Warrant, che sta cercando di svelare il modo in cui le falene percepiscono i campi magnetici della Terra nel suo progetto MagneticMoth spiega su Horizon: «E’ un po’ come quando facciamo le escursioni. Leggiamo la bussola, quindi cerchiamo qualcosa verso cui camminare in quella direzione, un albero o la cima di una montagna». La sua ricerca ha già dimostrato che le falene controllano la loro bussola interna ogni due o tre minuti e continuano a basarsi su un segnale visivo. Il problema è: cosa sono in grado di vedere gli insetti di notte?

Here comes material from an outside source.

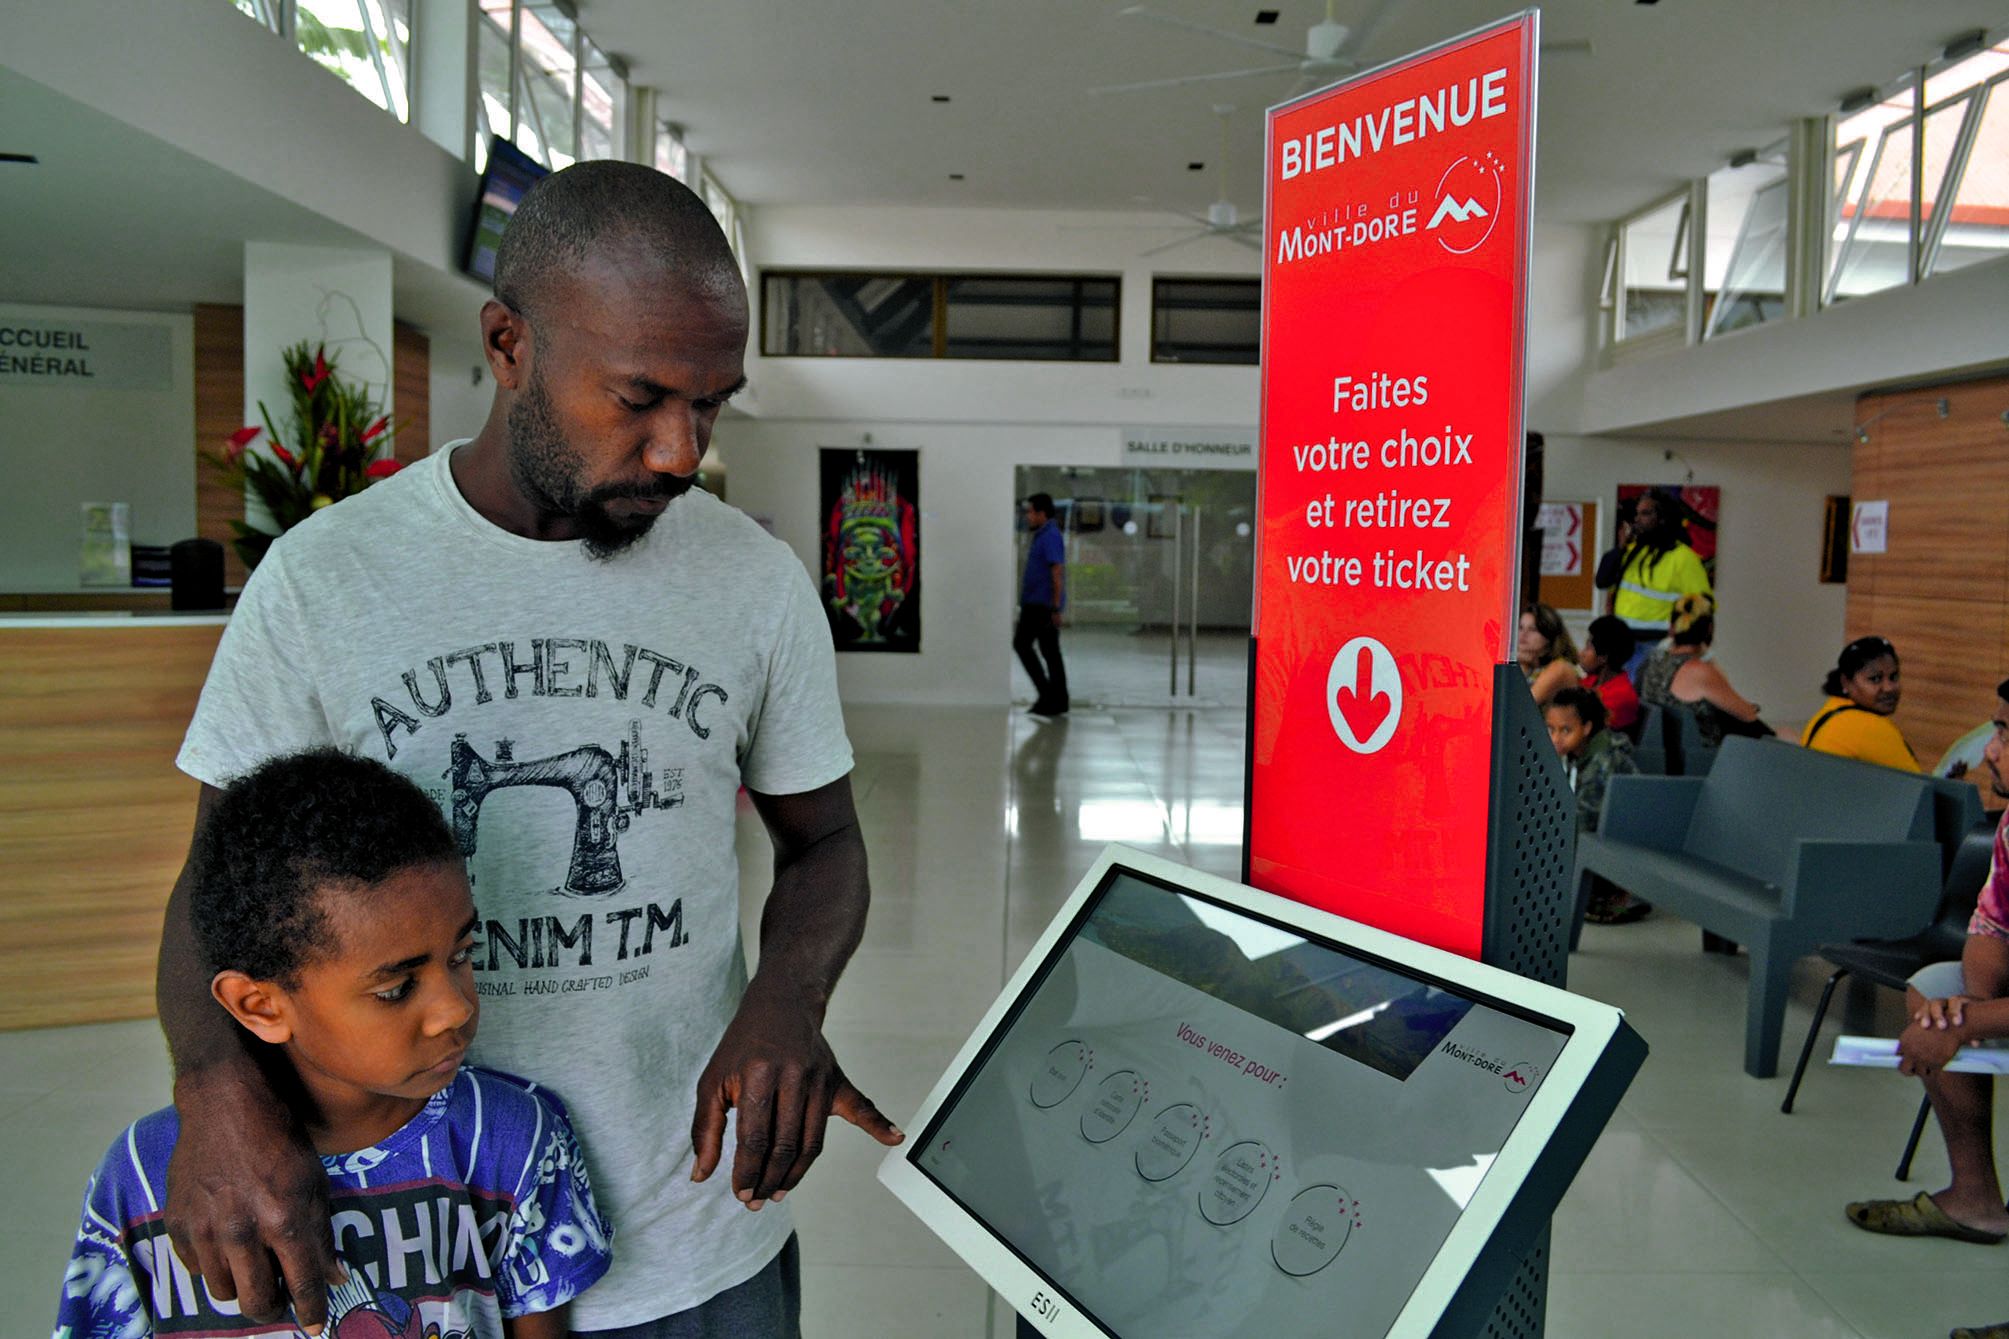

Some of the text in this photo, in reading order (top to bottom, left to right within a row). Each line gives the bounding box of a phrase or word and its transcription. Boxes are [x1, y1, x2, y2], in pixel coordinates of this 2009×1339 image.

Ulteriori ricerche hanno rivelato qualcosa di straordinario. Quando  Warrant ha scaricato il programma planetario open source Stellarium e ha proiettato il cielo notturno australiano sopra le rotte delle falene in migrazione, ha scoperto che utilizzano le stelle.

Warrant fa notare che «Pochissimi animali hanno la capacità di leggere le stelle e di usarle per trovare nord, sud, est o ovest. ‘Noi abbiamo imparato come farlo. Lo fanno alcuni uccelli».

Ms è probabile che, con gli occhi sfaccettati che hanno, le falene di Bogong non seguano una singola stella guida ma qualcosa di molto più esteso, panoramico e visibile e Warrant ricorda che «Nell’emisfero meridionale, la Via Lattea è molto più distinta di quanto non lo sia qui nell’emisfero settentrionale. E’ davvero una striscia di luce pallida nella quale sono intervallate stelle molto luminose». Lo scienziato svedese è convinto che, almeno in parte, le falene siano guidate verso le loro fresche grotte alpine dalla luce della Via Lattea.  E Horizon aggiunge che «La scoperta potrebbe anche portare allo sviluppo di nuovi tipi di navigazione anche per la nostra stessa specie. Il GPS, ad esempio, si basa su una costellazione di satelliti vulnerabili».

Warrant conclude: «Studiare un insetto in grado di volare per 1.000 km fino a una grotta usando un cervello delle dimensioni di un chicco di riso, potrebbe aiutarci a trovare alternative. Gli animali sembrano risolvere problemi complessi con poco materiale e basse quantità di energia».